I picked this song specially, to highlight one aspect of Girish K’s artistic expressions, which was probably hidden until then. An accomplished performer, he has performed the dance steps as part of this song. Every review of the film at that time, commented on the dancer in Girish K. He revealed in an interview that he had taken on special dance training to prepare for this song. You can see the performance for yourself. It is no less than an accomplished and well trained dancer, presenting these steps in unison with the music.

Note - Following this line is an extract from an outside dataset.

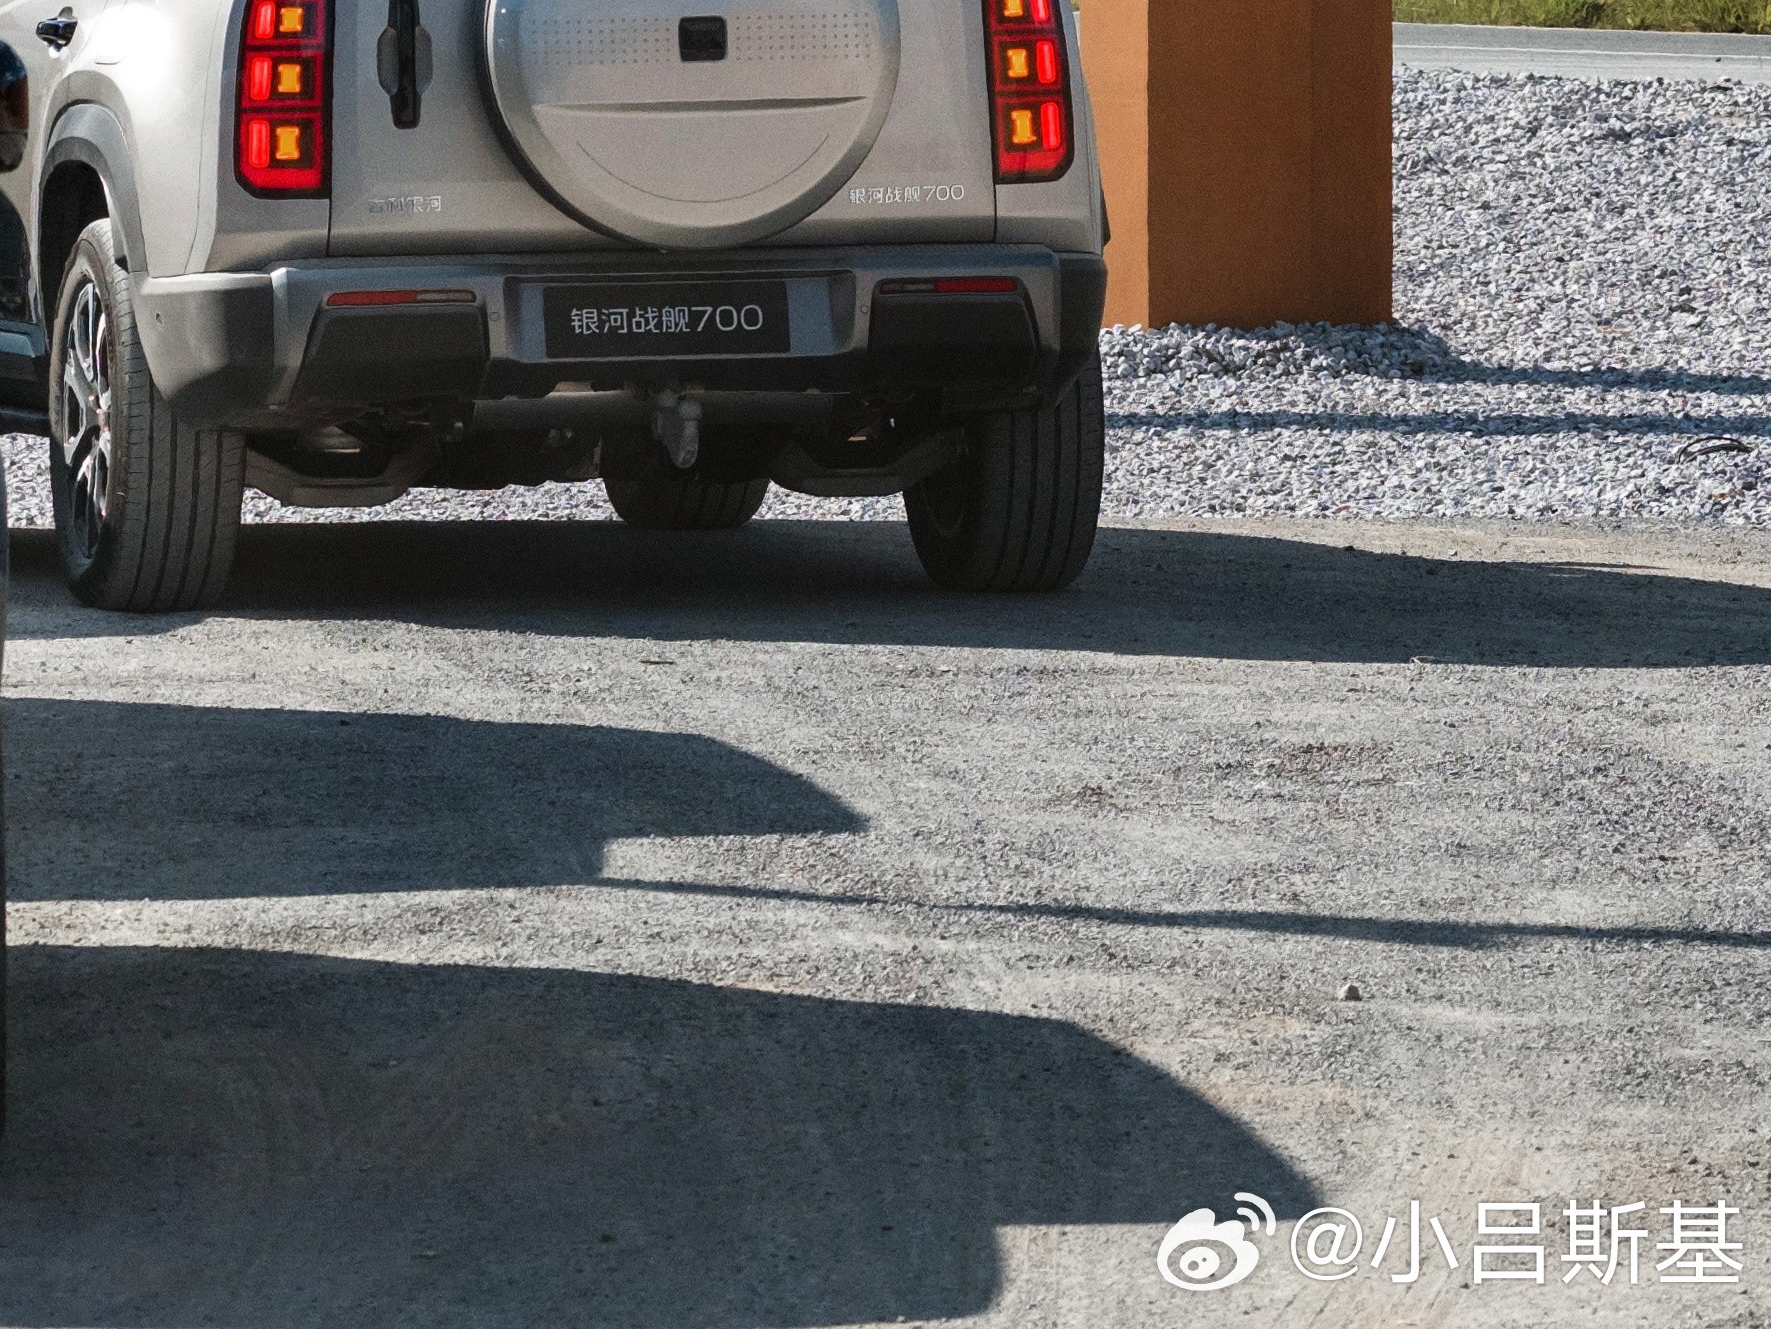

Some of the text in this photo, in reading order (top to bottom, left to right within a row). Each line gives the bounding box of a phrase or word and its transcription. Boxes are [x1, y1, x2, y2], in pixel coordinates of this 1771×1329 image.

This one song, in my humble opinion, is the best artistic performance that I have seen from Girish K. See the manner in which he starts his dialogue with the Lord. His singing, his facial expressions, his gestures and movements, all coalesce into a fluid expression of a conversation with Lord Shiv. No one else is present so this is a very private conversation, in which Shastri ji is telling the Lord to listen to His own sound coming from inside him. This entire clip is a one wonderful performance by Girish K that probably has not been surpassed.

It is a sad goodbye that we bid today. The person, the artist, and a scholar – it is truly a great loss to the cultural landscape of this sub continent that may never be made up.

One commentator has written about Girish K’s creations, that “. . . Girish Karnad allowed his characters to ask the questions, to struggle with the inconclusive, and hence his stories truly never ended.” Yes, that is the legacy of this multi-faceted artist – his creations, his stories, his characters – all still have a lot be explored for. That “struggle with the inconclusive” is so appropriate a passage dealing with the complex realities and relationships in the course of a human life. His stories have not really ended. And neither has his legacy.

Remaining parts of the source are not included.